*** Block opens ***

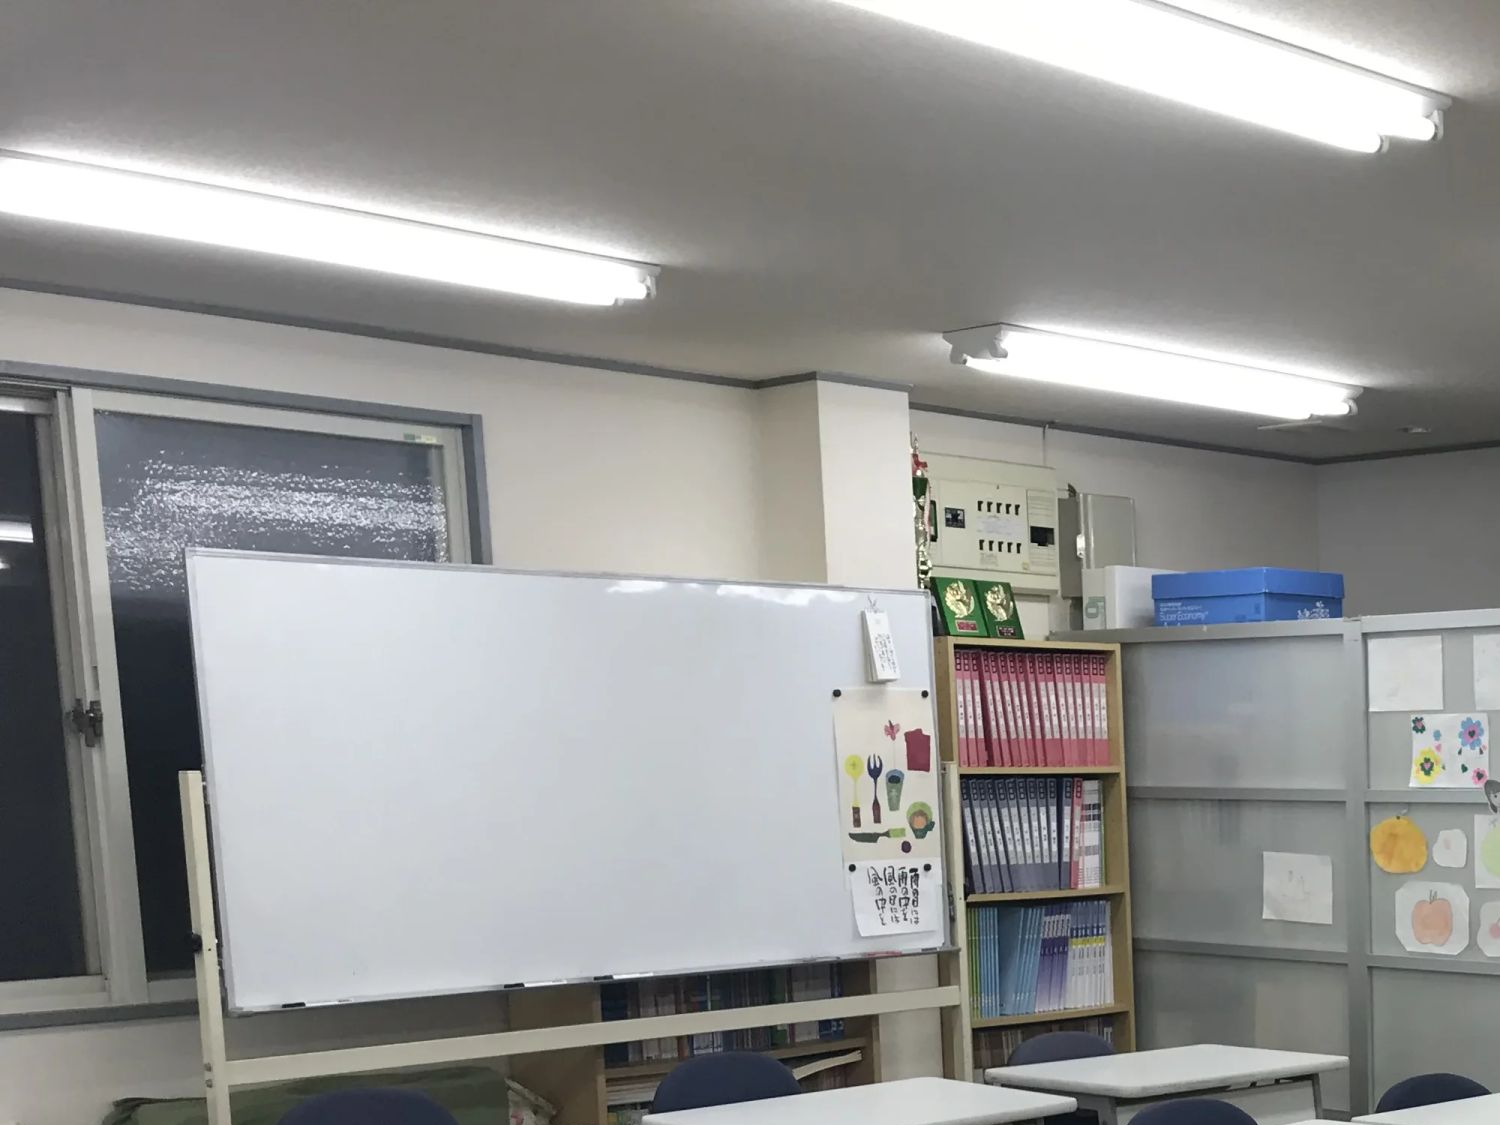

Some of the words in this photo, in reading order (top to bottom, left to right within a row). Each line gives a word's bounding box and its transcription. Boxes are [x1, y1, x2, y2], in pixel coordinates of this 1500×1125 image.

[867, 866, 887, 926] 風の中を
[883, 865, 900, 924] 風の日には
[898, 866, 910, 922] 雨の中を
[909, 867, 920, 925] 雨の日には

*** Block closes ***

■ EXERCISE OBJECTIVE:
Nothing but the records, copied exactly and stripped of pictures, should be returned.

■ WRITTEN SOLUTION:
Some of the words in this photo, in reading order (top to bottom, left to right within a row). Each line gives a word's bounding box and its transcription. Boxes are [x1, y1, x2, y2], in pixel coordinates of this 1500×1125 image.

[867, 866, 887, 926] 風の中を
[883, 865, 900, 924] 風の日には
[898, 866, 910, 922] 雨の中を
[909, 867, 920, 925] 雨の日には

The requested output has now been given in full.